[Stored dataset items]

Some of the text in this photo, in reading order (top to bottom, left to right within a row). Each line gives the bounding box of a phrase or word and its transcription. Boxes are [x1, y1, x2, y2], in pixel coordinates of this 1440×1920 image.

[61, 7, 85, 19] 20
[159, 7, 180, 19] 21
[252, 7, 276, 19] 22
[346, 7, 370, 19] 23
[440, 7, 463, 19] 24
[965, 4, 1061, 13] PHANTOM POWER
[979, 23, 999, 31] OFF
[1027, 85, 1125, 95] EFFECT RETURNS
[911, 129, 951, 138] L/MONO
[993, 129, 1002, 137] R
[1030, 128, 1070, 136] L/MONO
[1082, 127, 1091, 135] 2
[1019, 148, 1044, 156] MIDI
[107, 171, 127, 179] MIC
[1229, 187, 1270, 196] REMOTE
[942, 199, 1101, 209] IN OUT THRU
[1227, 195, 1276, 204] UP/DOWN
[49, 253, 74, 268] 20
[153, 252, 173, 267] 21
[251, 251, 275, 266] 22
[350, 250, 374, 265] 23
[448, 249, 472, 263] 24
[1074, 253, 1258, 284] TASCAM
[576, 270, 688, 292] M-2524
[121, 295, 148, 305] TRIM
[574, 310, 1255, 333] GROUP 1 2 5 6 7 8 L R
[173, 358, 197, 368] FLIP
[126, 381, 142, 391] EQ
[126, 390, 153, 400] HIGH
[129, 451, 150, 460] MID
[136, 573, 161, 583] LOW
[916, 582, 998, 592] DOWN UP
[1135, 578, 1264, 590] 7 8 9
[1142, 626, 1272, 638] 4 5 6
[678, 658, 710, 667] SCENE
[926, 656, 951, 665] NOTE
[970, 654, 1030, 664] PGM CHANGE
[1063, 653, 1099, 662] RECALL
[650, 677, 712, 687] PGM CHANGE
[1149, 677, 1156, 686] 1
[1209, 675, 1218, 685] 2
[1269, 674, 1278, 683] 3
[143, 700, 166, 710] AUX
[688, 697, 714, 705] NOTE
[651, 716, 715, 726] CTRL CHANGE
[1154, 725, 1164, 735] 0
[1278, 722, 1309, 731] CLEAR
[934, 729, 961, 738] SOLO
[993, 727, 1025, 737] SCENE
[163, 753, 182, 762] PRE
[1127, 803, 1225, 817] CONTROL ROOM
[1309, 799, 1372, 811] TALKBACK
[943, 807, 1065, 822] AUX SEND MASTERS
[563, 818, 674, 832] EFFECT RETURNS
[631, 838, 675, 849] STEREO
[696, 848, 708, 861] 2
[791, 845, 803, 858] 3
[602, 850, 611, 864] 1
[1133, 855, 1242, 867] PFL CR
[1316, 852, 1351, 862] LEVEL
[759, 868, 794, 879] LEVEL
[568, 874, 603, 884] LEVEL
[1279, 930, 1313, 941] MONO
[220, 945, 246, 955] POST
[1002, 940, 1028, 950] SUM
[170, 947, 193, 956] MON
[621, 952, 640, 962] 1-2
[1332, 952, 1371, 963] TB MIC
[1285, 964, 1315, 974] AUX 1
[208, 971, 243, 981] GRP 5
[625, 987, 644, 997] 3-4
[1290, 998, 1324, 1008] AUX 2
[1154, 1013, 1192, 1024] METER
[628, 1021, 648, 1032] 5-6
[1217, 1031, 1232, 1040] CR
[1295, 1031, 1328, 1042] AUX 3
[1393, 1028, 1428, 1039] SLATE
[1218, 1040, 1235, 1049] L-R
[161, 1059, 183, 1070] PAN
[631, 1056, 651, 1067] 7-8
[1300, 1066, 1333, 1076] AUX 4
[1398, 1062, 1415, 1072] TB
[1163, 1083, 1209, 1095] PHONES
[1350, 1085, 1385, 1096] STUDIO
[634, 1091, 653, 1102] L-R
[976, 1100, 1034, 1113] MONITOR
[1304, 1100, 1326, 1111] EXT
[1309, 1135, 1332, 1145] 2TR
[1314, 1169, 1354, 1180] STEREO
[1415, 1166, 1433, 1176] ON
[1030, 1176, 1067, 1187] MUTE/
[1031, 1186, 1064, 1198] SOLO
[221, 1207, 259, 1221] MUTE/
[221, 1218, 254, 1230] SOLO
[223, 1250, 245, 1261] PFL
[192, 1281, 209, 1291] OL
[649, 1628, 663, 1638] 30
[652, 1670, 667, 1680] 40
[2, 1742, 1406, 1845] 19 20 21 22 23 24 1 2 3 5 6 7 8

● **Task statement**: All of the data above should be reproduced exactly.

● **Exercise output**:
Some of the text in this photo, in reading order (top to bottom, left to right within a row). Each line gives the bounding box of a phrase or word and its transcription. Boxes are [x1, y1, x2, y2], in pixel coordinates of this 1440×1920 image.

[61, 7, 85, 19] 20
[159, 7, 180, 19] 21
[252, 7, 276, 19] 22
[346, 7, 370, 19] 23
[440, 7, 463, 19] 24
[965, 4, 1061, 13] PHANTOM POWER
[979, 23, 999, 31] OFF
[1027, 85, 1125, 95] EFFECT RETURNS
[911, 129, 951, 138] L/MONO
[993, 129, 1002, 137] R
[1030, 128, 1070, 136] L/MONO
[1082, 127, 1091, 135] 2
[1019, 148, 1044, 156] MIDI
[107, 171, 127, 179] MIC
[1229, 187, 1270, 196] REMOTE
[942, 199, 1101, 209] IN OUT THRU
[1227, 195, 1276, 204] UP/DOWN
[49, 253, 74, 268] 20
[153, 252, 173, 267] 21
[251, 251, 275, 266] 22
[350, 250, 374, 265] 23
[448, 249, 472, 263] 24
[1074, 253, 1258, 284] TASCAM
[576, 270, 688, 292] M-2524
[121, 295, 148, 305] TRIM
[574, 310, 1255, 333] GROUP 1 2 5 6 7 8 L R
[173, 358, 197, 368] FLIP
[126, 381, 142, 391] EQ
[126, 390, 153, 400] HIGH
[129, 451, 150, 460] MID
[136, 573, 161, 583] LOW
[916, 582, 998, 592] DOWN UP
[1135, 578, 1264, 590] 7 8 9
[1142, 626, 1272, 638] 4 5 6
[678, 658, 710, 667] SCENE
[926, 656, 951, 665] NOTE
[970, 654, 1030, 664] PGM CHANGE
[1063, 653, 1099, 662] RECALL
[650, 677, 712, 687] PGM CHANGE
[1149, 677, 1156, 686] 1
[1209, 675, 1218, 685] 2
[1269, 674, 1278, 683] 3
[143, 700, 166, 710] AUX
[688, 697, 714, 705] NOTE
[651, 716, 715, 726] CTRL CHANGE
[1154, 725, 1164, 735] 0
[1278, 722, 1309, 731] CLEAR
[934, 729, 961, 738] SOLO
[993, 727, 1025, 737] SCENE
[163, 753, 182, 762] PRE
[1127, 803, 1225, 817] CONTROL ROOM
[1309, 799, 1372, 811] TALKBACK
[943, 807, 1065, 822] AUX SEND MASTERS
[563, 818, 674, 832] EFFECT RETURNS
[631, 838, 675, 849] STEREO
[696, 848, 708, 861] 2
[791, 845, 803, 858] 3
[602, 850, 611, 864] 1
[1133, 855, 1242, 867] PFL CR
[1316, 852, 1351, 862] LEVEL
[759, 868, 794, 879] LEVEL
[568, 874, 603, 884] LEVEL
[1279, 930, 1313, 941] MONO
[220, 945, 246, 955] POST
[1002, 940, 1028, 950] SUM
[170, 947, 193, 956] MON
[621, 952, 640, 962] 1-2
[1332, 952, 1371, 963] TB MIC
[1285, 964, 1315, 974] AUX 1
[208, 971, 243, 981] GRP 5
[625, 987, 644, 997] 3-4
[1290, 998, 1324, 1008] AUX 2
[1154, 1013, 1192, 1024] METER
[628, 1021, 648, 1032] 5-6
[1217, 1031, 1232, 1040] CR
[1295, 1031, 1328, 1042] AUX 3
[1393, 1028, 1428, 1039] SLATE
[1218, 1040, 1235, 1049] L-R
[161, 1059, 183, 1070] PAN
[631, 1056, 651, 1067] 7-8
[1300, 1066, 1333, 1076] AUX 4
[1398, 1062, 1415, 1072] TB
[1163, 1083, 1209, 1095] PHONES
[1350, 1085, 1385, 1096] STUDIO
[634, 1091, 653, 1102] L-R
[976, 1100, 1034, 1113] MONITOR
[1304, 1100, 1326, 1111] EXT
[1309, 1135, 1332, 1145] 2TR
[1314, 1169, 1354, 1180] STEREO
[1415, 1166, 1433, 1176] ON
[1030, 1176, 1067, 1187] MUTE/
[1031, 1186, 1064, 1198] SOLO
[221, 1207, 259, 1221] MUTE/
[221, 1218, 254, 1230] SOLO
[223, 1250, 245, 1261] PFL
[192, 1281, 209, 1291] OL
[649, 1628, 663, 1638] 30
[652, 1670, 667, 1680] 40
[2, 1742, 1406, 1845] 19 20 21 22 23 24 1 2 3 5 6 7 8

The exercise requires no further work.